_WHAT IS NEEDED_
Before copying, set the pictures aside; then repeat every line below verbatim.
-.-.-
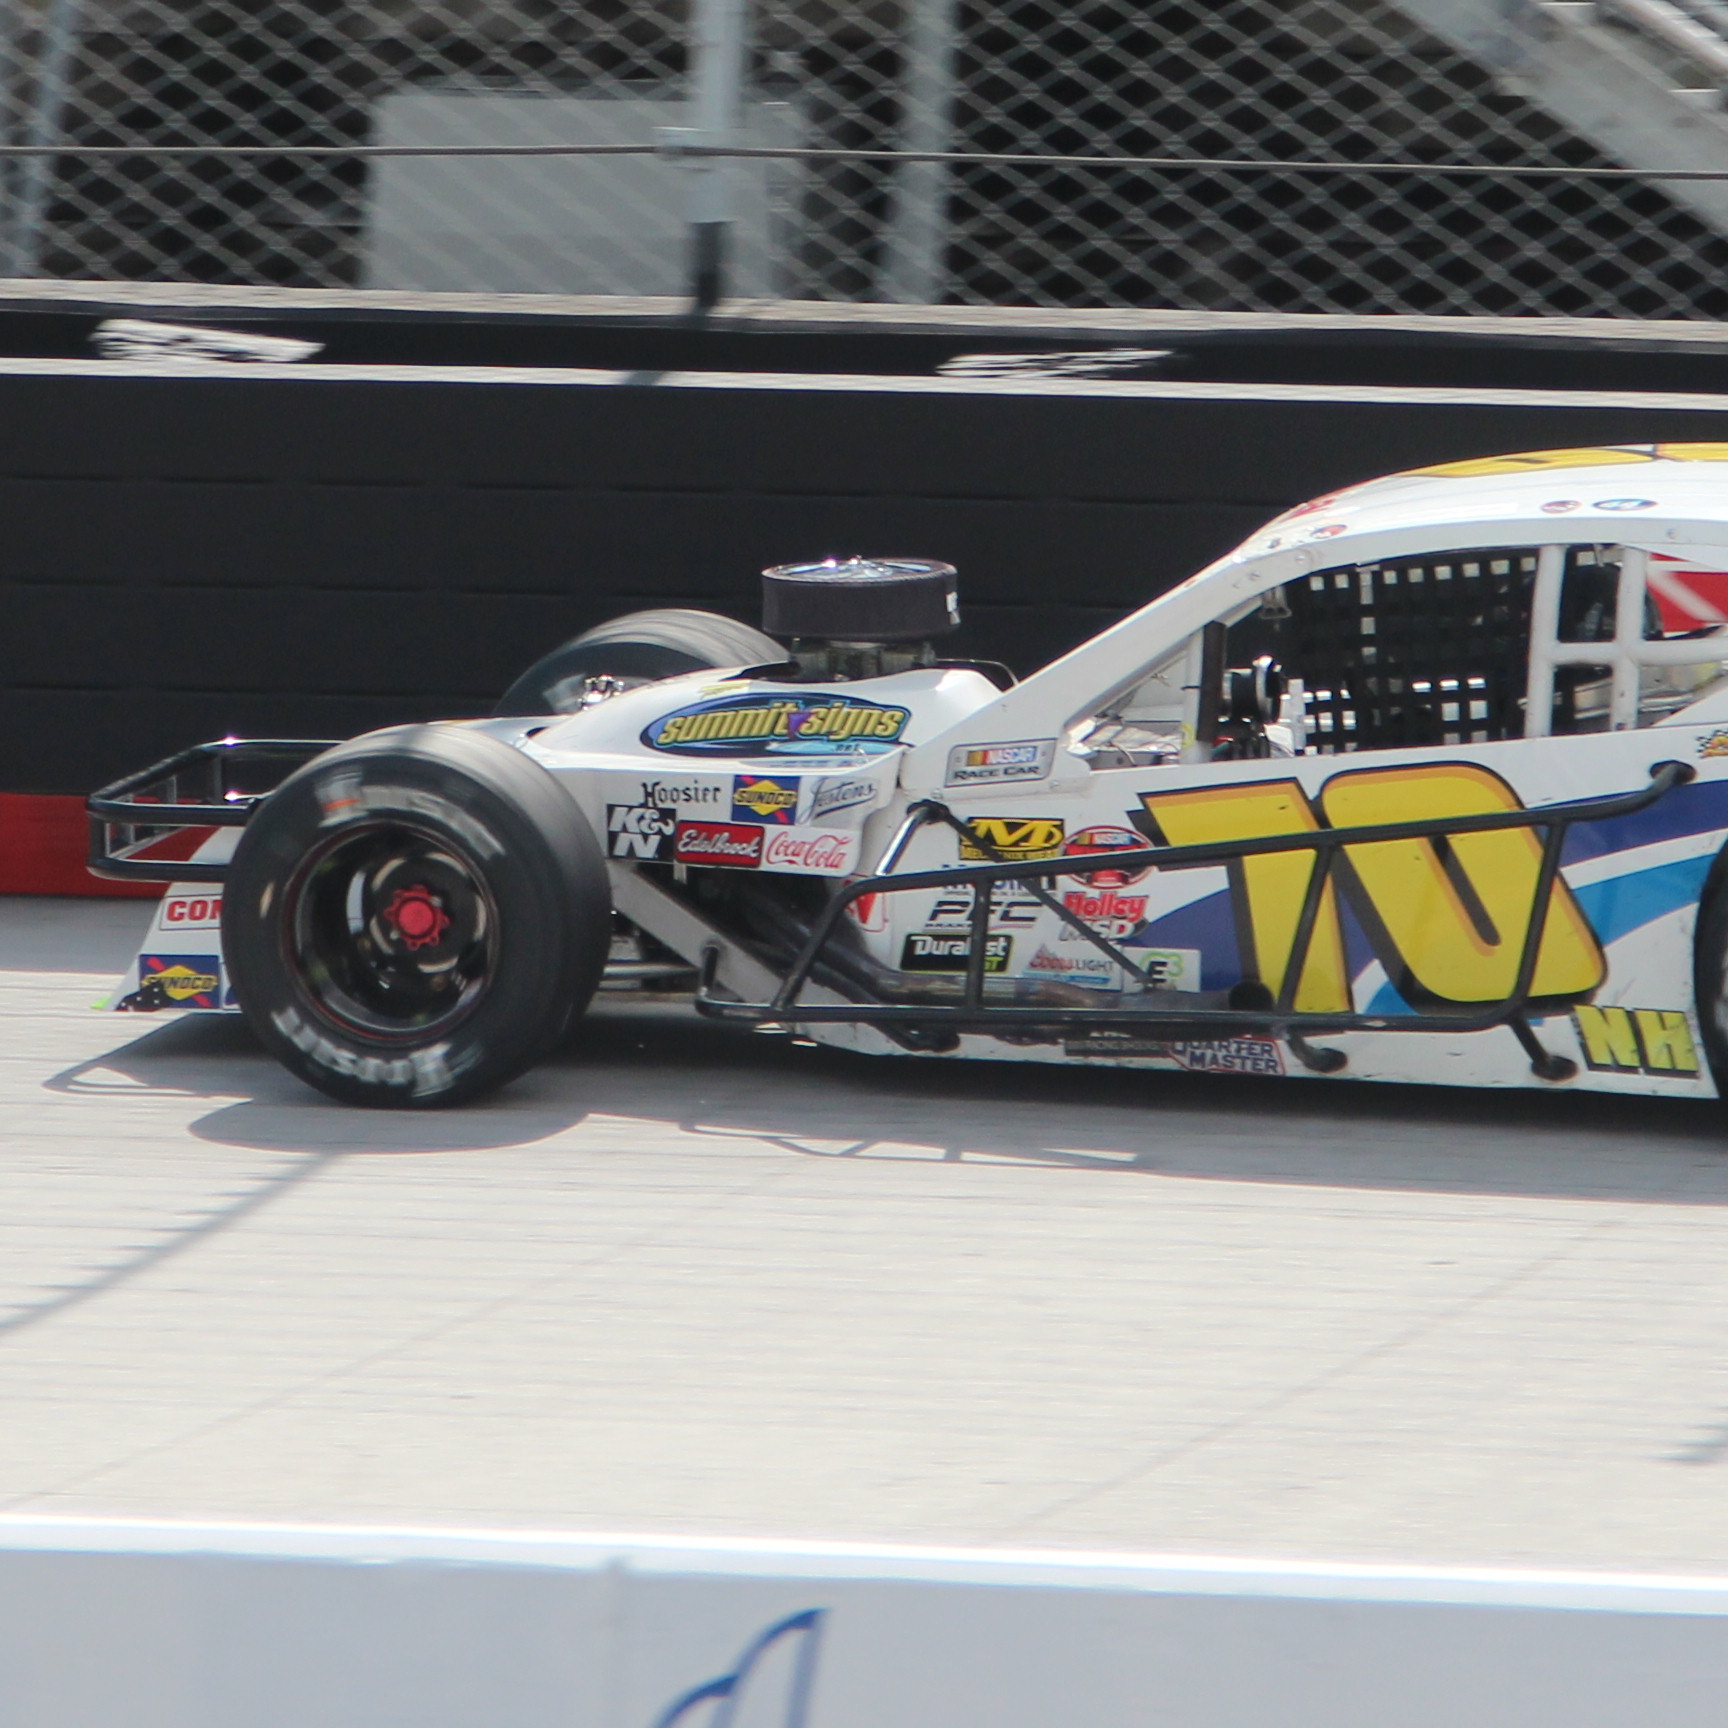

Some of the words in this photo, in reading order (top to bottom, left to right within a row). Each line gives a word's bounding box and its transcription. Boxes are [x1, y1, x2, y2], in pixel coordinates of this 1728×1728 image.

[658, 702, 800, 746] summit
[802, 702, 905, 740] signs
[640, 782, 721, 808] Hoosier
[735, 788, 796, 805] SUNOCO
[677, 825, 760, 859] Edelbrock
[1064, 893, 1149, 923] Holley
[910, 936, 1008, 956] Duralst
[1573, 1005, 1700, 1078] NH
[1188, 1050, 1279, 1073] MASTER
-.-.-
_ANSWER TO THIS TASK_
Some of the words in this photo, in reading order (top to bottom, left to right within a row). Each line gives a word's bounding box and its transcription. Boxes are [x1, y1, x2, y2], in pixel coordinates of this 1728×1728 image.

[658, 702, 800, 746] summit
[802, 702, 905, 740] signs
[640, 782, 721, 808] Hoosier
[735, 788, 796, 805] SUNOCO
[677, 825, 760, 859] Edelbrock
[1064, 893, 1149, 923] Holley
[910, 936, 1008, 956] Duralst
[1573, 1005, 1700, 1078] NH
[1188, 1050, 1279, 1073] MASTER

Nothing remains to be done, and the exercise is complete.